The sun had done its worst and was on its way down the sky, but the roof remained an inferno. Its black surface would hold the day's heat long into the night. Jack looked west into the haze that reddened the lowering sun. On a clear day you could see New Jersey over there. If you wanted to. Abe had once told him that if you died in sin your soul went to New Jersey.
The roof was crowded. Not with people, with things. Appleton's tomato patch sat in the southeast corner; he had carried the topsoil up bag by fifty-pound bag. Harry Bok had a huge CB antenna in the northeast corner. Centrally located was the diesel generator everybody had pitched in to buy after the 2003 blackout; clustered along its north side like suckling piglets against their mama were a dozen two-gallon cans of number-one oil. And above it all, waving proudly from its slim two-inch pole, was Neil the Anarchist's black flag.
Jack went over to the small wooden platform he’d built for himself and did some stretching exercises, then went into his routine. He did his push-ups and sit-ups, jumped rope, practiced his tai kwon do kicks and chops, always moving, never stopping, until his body was slick with sweat and his hair hung in limp wet strands about his face and neck.
He spun at footsteps behind him.
 
; "Hey, Jack."
"Oh, Neil. Hi. Must be about that time."
"Right you are."
Neil went over to the pole and reverently lowered his black flag. He folded it neatly, tucked it under his arm, and headed for the steps, waving as he went. Jack leaned against the generator and shook his head. Odd for a man who despised all rules to be so punctual, yet you could set your watch by the comings and goings of Neil the Anarchist.
Back in the apartment, Jack stuck six frozen egg rolls in the microwave while he took a quick shower. With his hair still wet, he opened a jar of duck sauce and a can of Diet Pepsi, then sat down in the kitchen.
The apartment felt empty. It hadn't seemed that way this morning, but it was too quiet now. He moved everything into the TV room. The big screen lit up in the middle of a comfy domestic scene with a husband, a wife, two kids and a dog. It reminded him of Sunday afternoons when Gia would bring Vicky over and he would hook up the Playstation and teach the little girl how to shoot monsters or hunt for treasure. He remembered watching Gia putter about the apartment; he’d liked the way she moved, so efficient and bustling, like a person who got things done. He found that immensely appealing.
He couldn't say the same about the homey show that now filled the screen. He quickly flipped around the dial and across the cable, finding everything from news to reruns to a bunch of couples two-stepping around hip-to-hip like a parade of Changs and Engs dancing to a country fiddler.

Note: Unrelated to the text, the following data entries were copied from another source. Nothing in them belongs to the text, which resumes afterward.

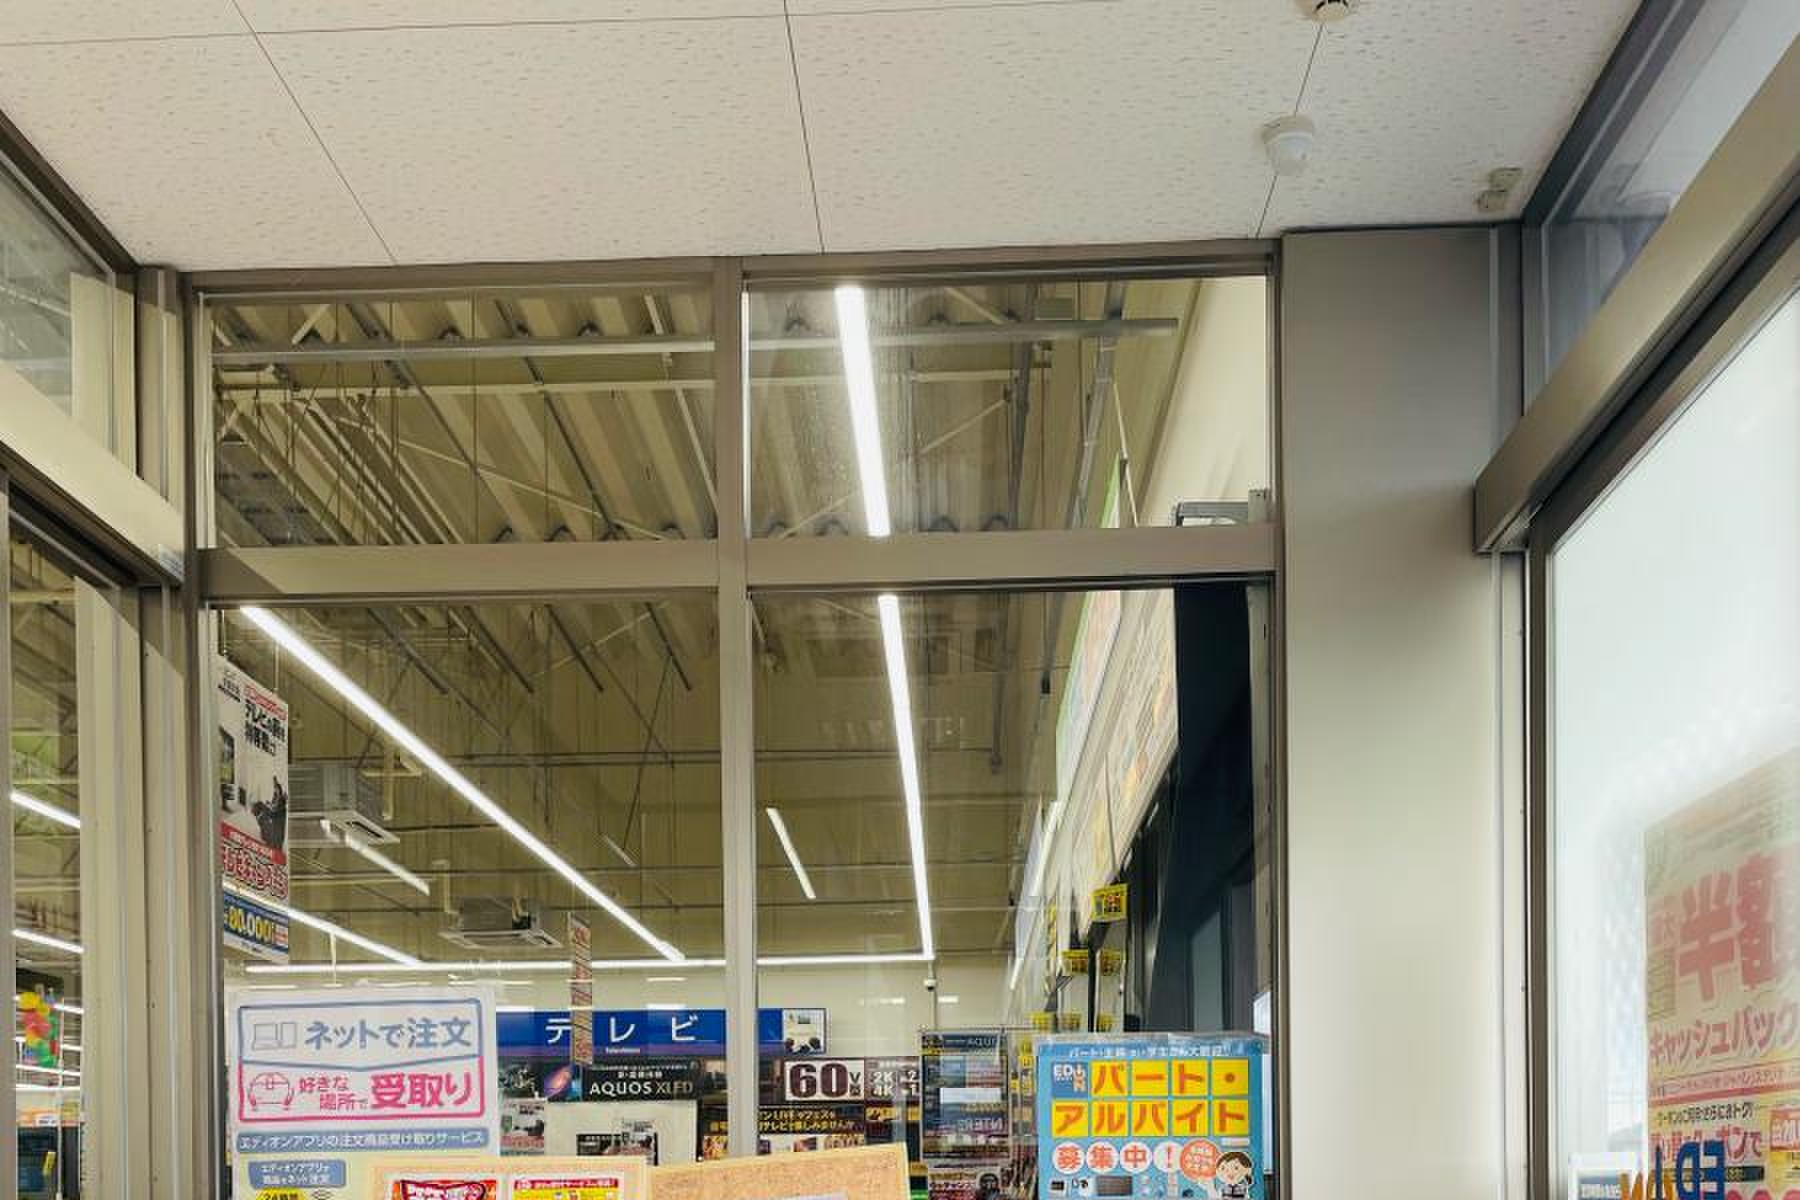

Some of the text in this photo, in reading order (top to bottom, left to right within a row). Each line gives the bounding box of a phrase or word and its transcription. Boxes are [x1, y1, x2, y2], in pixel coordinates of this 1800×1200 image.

[305, 1016, 472, 1050] ネットで注文
[545, 1014, 698, 1044] テレビ
[371, 1071, 472, 1109] 受取り
[589, 1081, 652, 1097] AQUOS
[1055, 1103, 1245, 1134] アルバイト

Definitely time for part two of Repairman Jack's unofficial James Whale Festival. The triumph of Whale's directorial career, Bride of Frankenstein, was ready to run.
16
"You think I'm mad. Perhaps I am. But listen, Henry Frankenstein. While you were digging in your graves, piecing together dead tiss-yoos, I, my dear pupil, went for my material to the source of life..."

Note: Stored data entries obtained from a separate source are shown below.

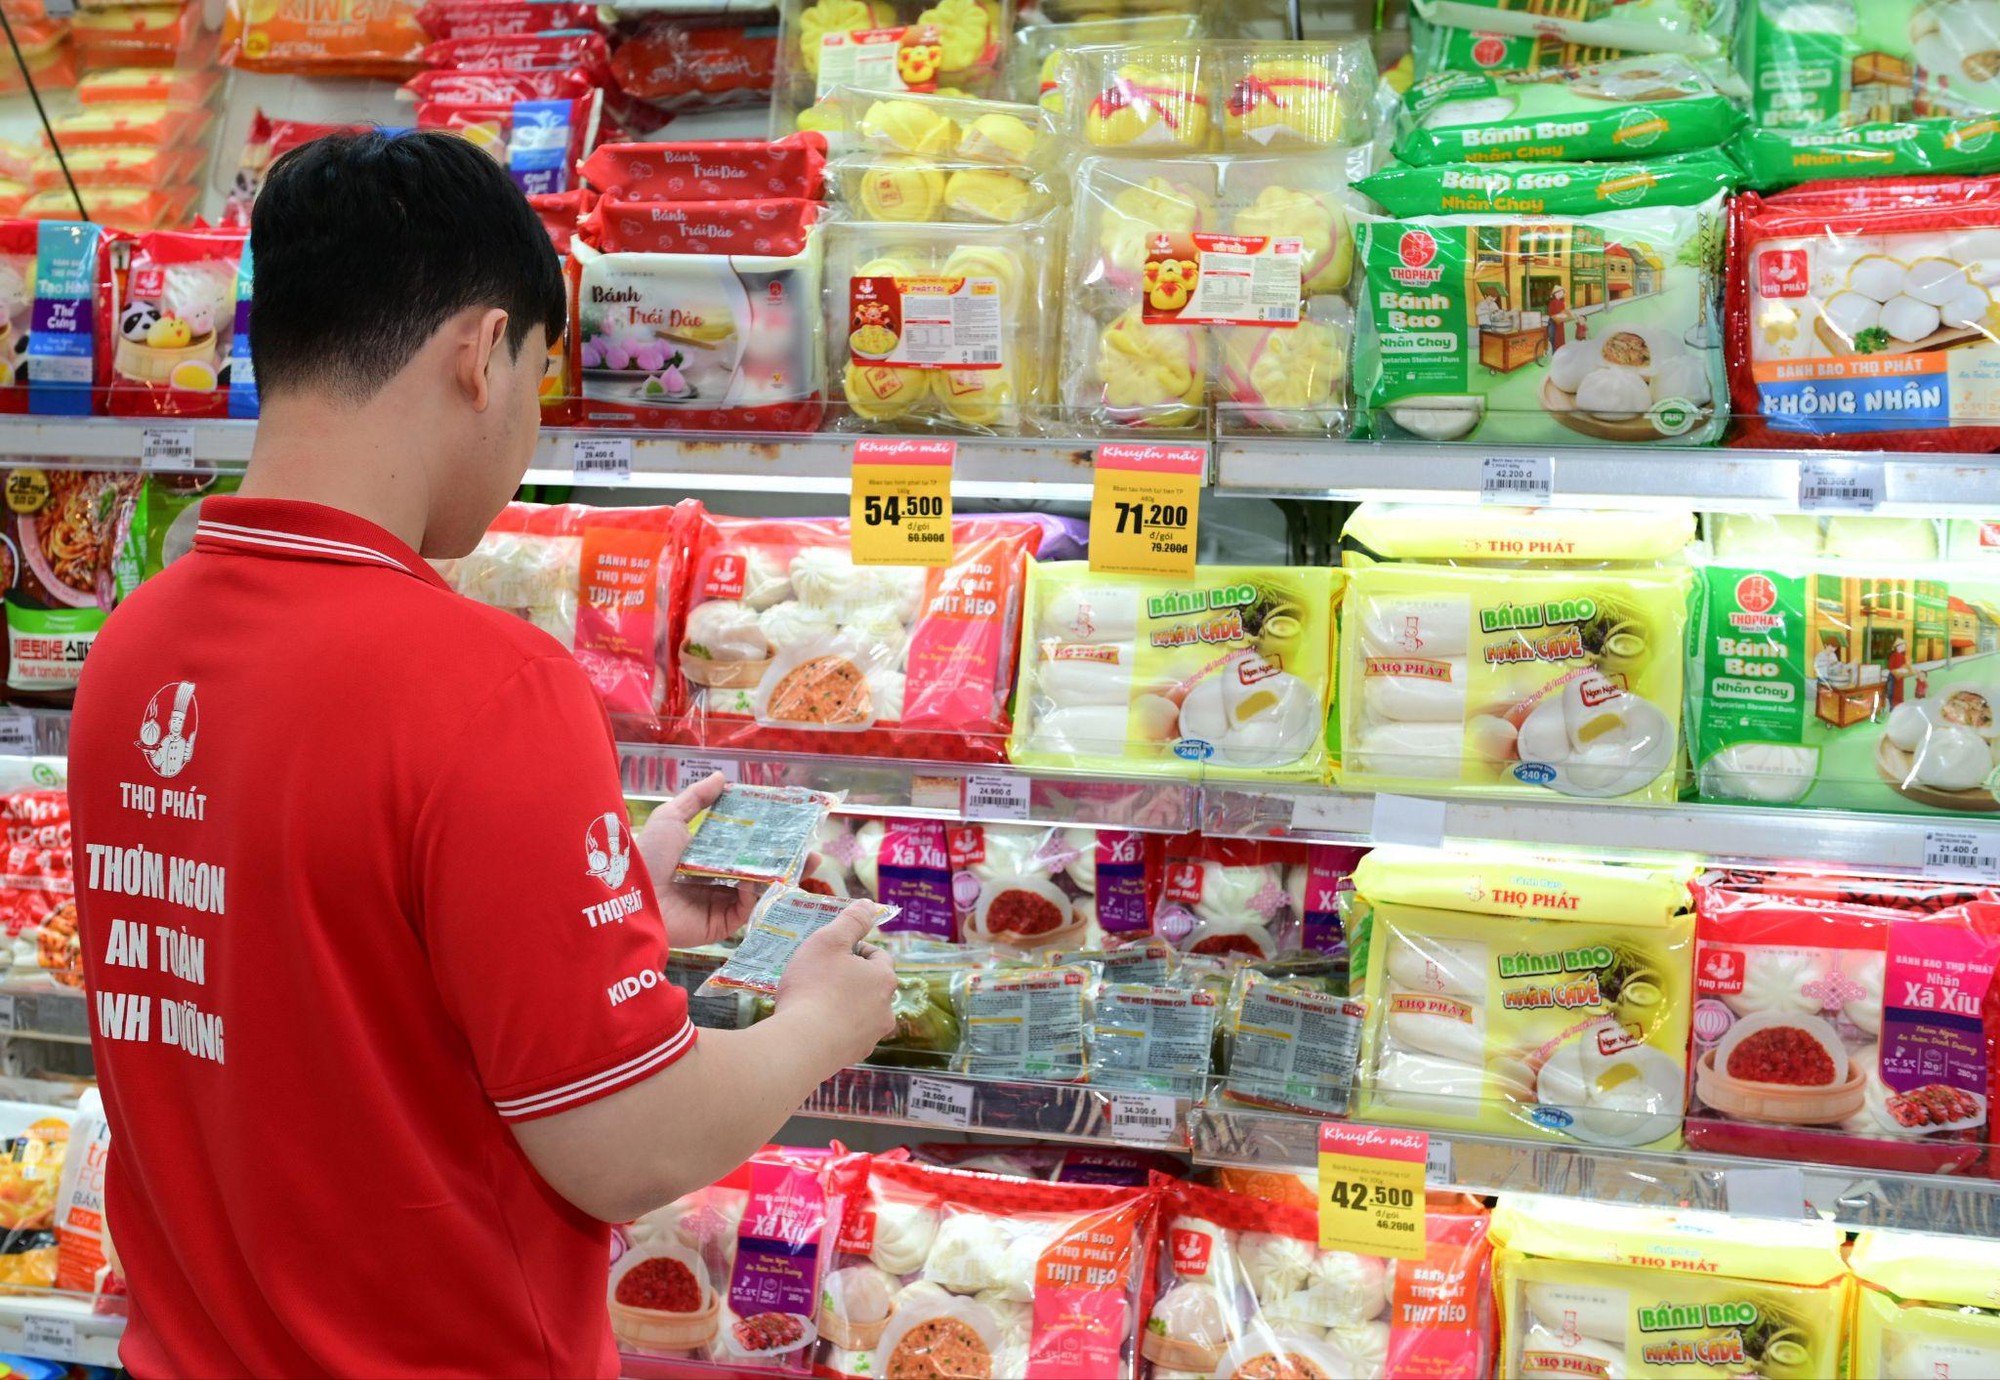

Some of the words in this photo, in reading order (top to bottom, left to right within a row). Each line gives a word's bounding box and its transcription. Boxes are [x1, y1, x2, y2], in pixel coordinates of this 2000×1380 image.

[1462, 126, 1531, 146] Bánh
[1537, 121, 1589, 139] Bao
[664, 151, 700, 163] Bánh
[1517, 145, 1564, 159] Chay
[692, 164, 720, 178] Trái
[720, 164, 748, 178] Đào
[1516, 173, 1571, 190] Bao
[1442, 196, 1491, 211] Nhân
[1494, 197, 1544, 212] Chay
[652, 208, 688, 222] Bánh
[679, 224, 707, 237] Trái
[707, 224, 734, 238] Đào
[592, 286, 642, 302] Bánh
[1762, 284, 1780, 294] THỌ
[1782, 281, 1808, 293] PHÁT
[52, 303, 76, 316] Thú
[1379, 292, 1449, 310] Bánh
[628, 306, 663, 326] Trái
[669, 308, 704, 326] Đào
[1388, 311, 1442, 328] Bao
[1380, 336, 1413, 347] Nhân
[1417, 338, 1451, 349] Chay
[1818, 362, 1845, 374] BAO
[1850, 360, 1880, 377] THỌ
[1884, 357, 1924, 373] PHÁT
[1763, 385, 1856, 415] KHÔNG
[1864, 381, 1941, 411] NHÂN
[859, 440, 918, 456] Khuyến
[920, 442, 951, 453] mãi
[1103, 446, 1162, 460] Khuyến
[1168, 451, 1199, 461] mãi
[1496, 470, 1524, 478] 42.200
[1115, 502, 1188, 534] 71.200
[908, 523, 930, 531] đ/gói
[1150, 532, 1173, 541] đ/gói
[1489, 541, 1523, 553] THỌ
[1528, 541, 1575, 553] PHÁT
[596, 570, 620, 583] THỌ
[721, 581, 742, 594] PHÁT
[1148, 590, 1207, 618] BÁNH
[1209, 584, 1257, 610] BAO
[1480, 601, 1543, 632] BÁNH
[1544, 597, 1597, 625] BAO
[1485, 638, 1536, 664] NHÂN
[1718, 638, 1788, 658] Bánh
[1724, 658, 1780, 677] Bao
[1716, 681, 1751, 694] Nhân
[1754, 686, 1788, 698] Chay
[1181, 747, 1198, 757] 240
[1521, 771, 1541, 780] 240
[120, 781, 155, 819] THỌ
[161, 785, 207, 821] PHÁT
[1940, 845, 1969, 853] 21.400
[86, 844, 164, 900] THƠM
[169, 856, 226, 915] NGON
[1492, 890, 1527, 907] THỌ
[1532, 893, 1580, 909] PHÁT
[582, 899, 624, 928] THỌ
[104, 919, 148, 970] AN
[156, 925, 205, 985] TOÀN
[1497, 949, 1562, 978] BÁNH
[1563, 945, 1613, 973] BAO
[1699, 978, 1715, 990] THỌ
[1717, 979, 1741, 990] PHÁT
[1927, 972, 1960, 987] Nhân
[1504, 986, 1553, 1010] NHÂN
[1397, 999, 1425, 1012] THỌ
[1428, 1001, 1468, 1017] PHÁT
[161, 997, 225, 1065] DƯỠNG
[1324, 1128, 1386, 1146] Khuyến
[1390, 1136, 1423, 1148] mãi
[1332, 1181, 1413, 1211] 42.500
[1092, 1233, 1114, 1244] BAO
[1056, 1246, 1080, 1260] THỌ
[1083, 1248, 1116, 1262] PHÁT
[1629, 1255, 1665, 1268] THỌ
[1671, 1257, 1719, 1272] PHÁT
[1047, 1263, 1082, 1282] THỊT
[1086, 1267, 1117, 1284] HEO
[1439, 1302, 1467, 1322] HEO
[1639, 1301, 1703, 1332] BÁNH
[1704, 1302, 1758, 1328] BAO
[1643, 1337, 1695, 1365] NHÂN

Ernest Thesiger as Dr. Praetorius—the greatest performance of his career—was lecturing his former student. The movie was only half over, but it was time to go. He'd pick up where he left off before bedtime. Too bad. He loved this movie. Especially the score—Franz Waxman's best ever. Who'd have thought that later on in his career the creator of such a majestic, stirring piece would wind up doing the incidental music for turkeys like Return to Peyton Place? Some people never get the recognition they deserve.